Opposite Early Struggle lies Death Rattle. It’s the sale or liquidation of the idea. If Early Struggle is the gasping effort to prove a point, the Death Rattle is the final, “I told you so!”

OK – so that got dark. 

But back to this map and applying it – if you look around, you’ll see this ALL of the time. 

Whether it’s a business, a community, or a family – the very achievable goal should be to strive for Predictable Success. 

Yes, I hate the title for all the inherent 80s/90s kid eye-rolling I am pre-programmed to experience, but McKeown is making an amazing point here people. 

If you can get an idea off the ground, and you’re willing to operationalize the inefficiencies, you can land in Predictable Success. 

Once there, you have to work to keep it there. It’s easy to slip out. 

The good reasons to slip out are because you have to change with the world around you. The good news is, the world is going to change with OR without you, so you might as well get on board. At least with this map, you know what to keep aiming/course-correcting for. 

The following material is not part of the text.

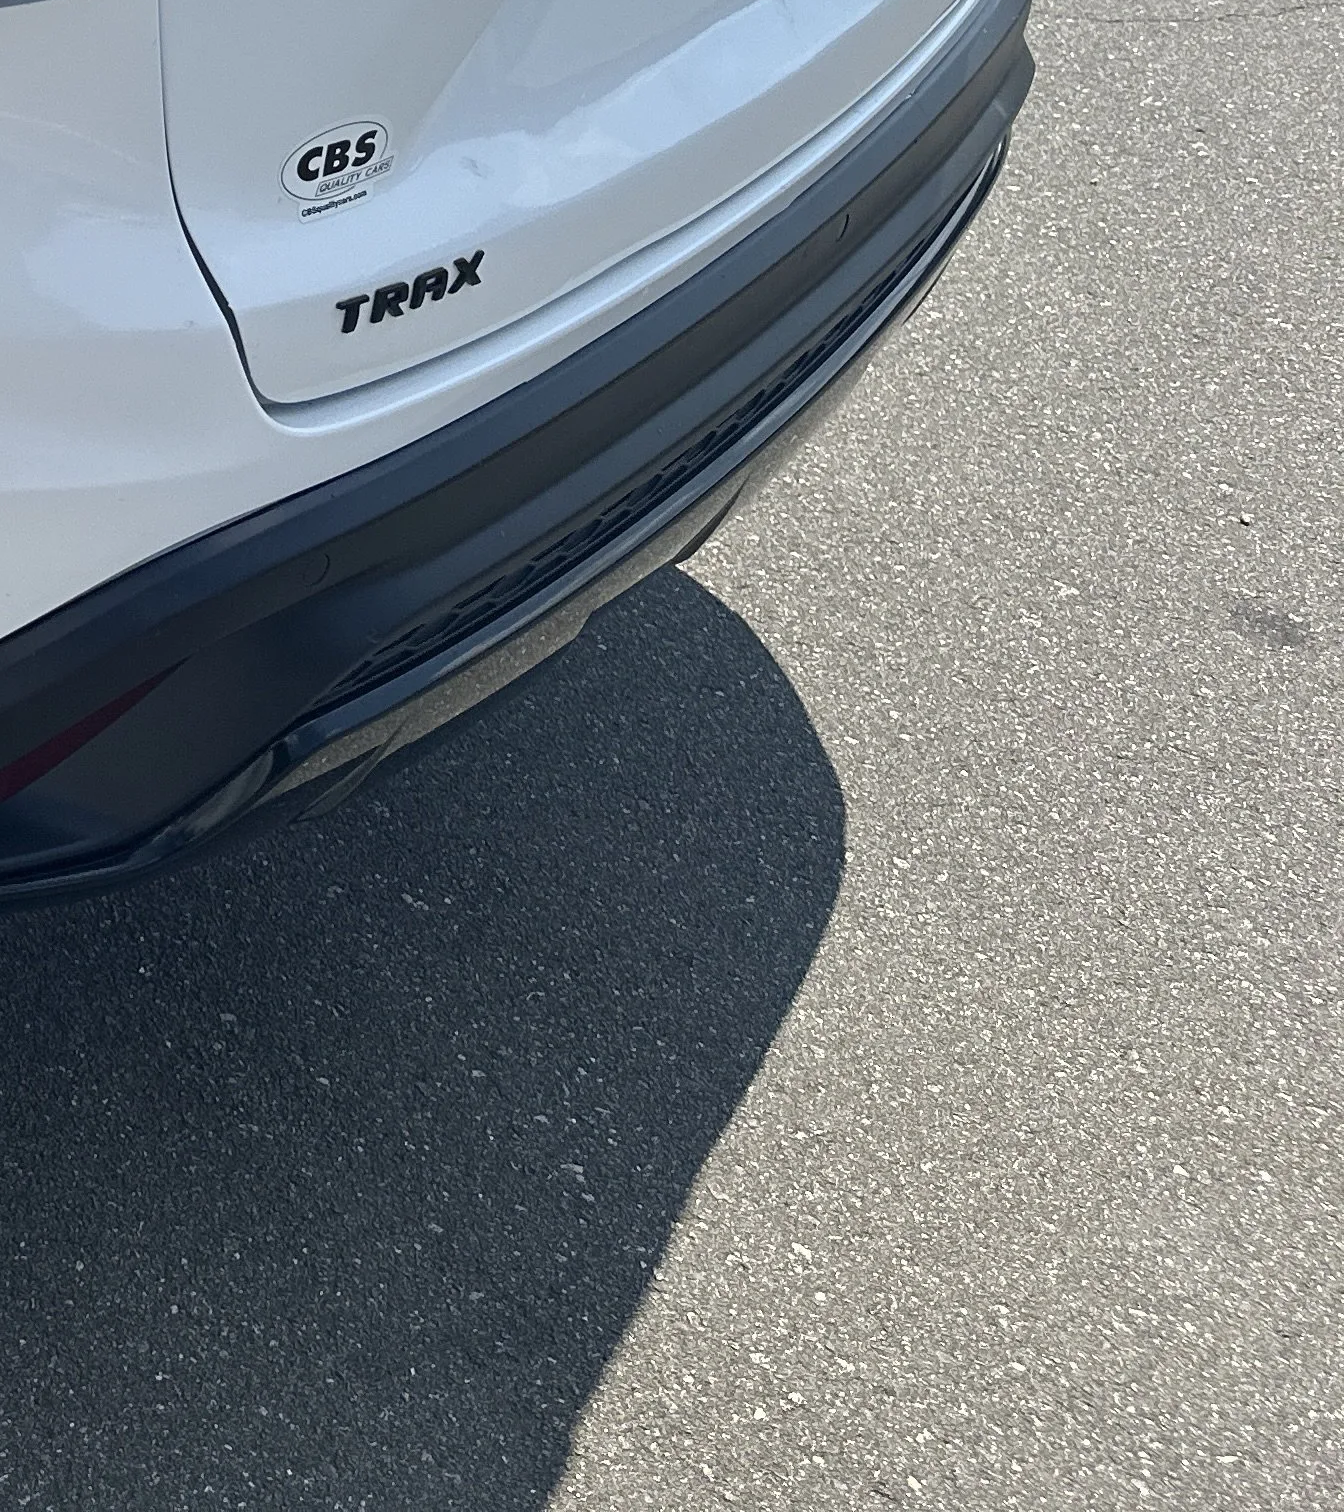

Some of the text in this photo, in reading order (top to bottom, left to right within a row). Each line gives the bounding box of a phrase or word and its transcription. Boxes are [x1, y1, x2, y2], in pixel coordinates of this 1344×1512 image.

[296, 129, 378, 182] CBS
[319, 159, 391, 193] QUALITY CARS
[335, 249, 485, 334] TRAX

The bad reasons to slip out are because you’re either getting too comfortable or have gotten too comfortable to notice the world is still changing, with or without you. By all means, milk your cow, but recognize the cow has a lifespan and so do you. 

When People, Purpose, and Process click – magic happens. It makes life worth living and work worth doing. Les McKeown’s Predictable Success map helps us plan how to get AND stay where we want to be. 

I, for one, am internally in his debt for this mental model. If you want more, get this book and check his others out as well.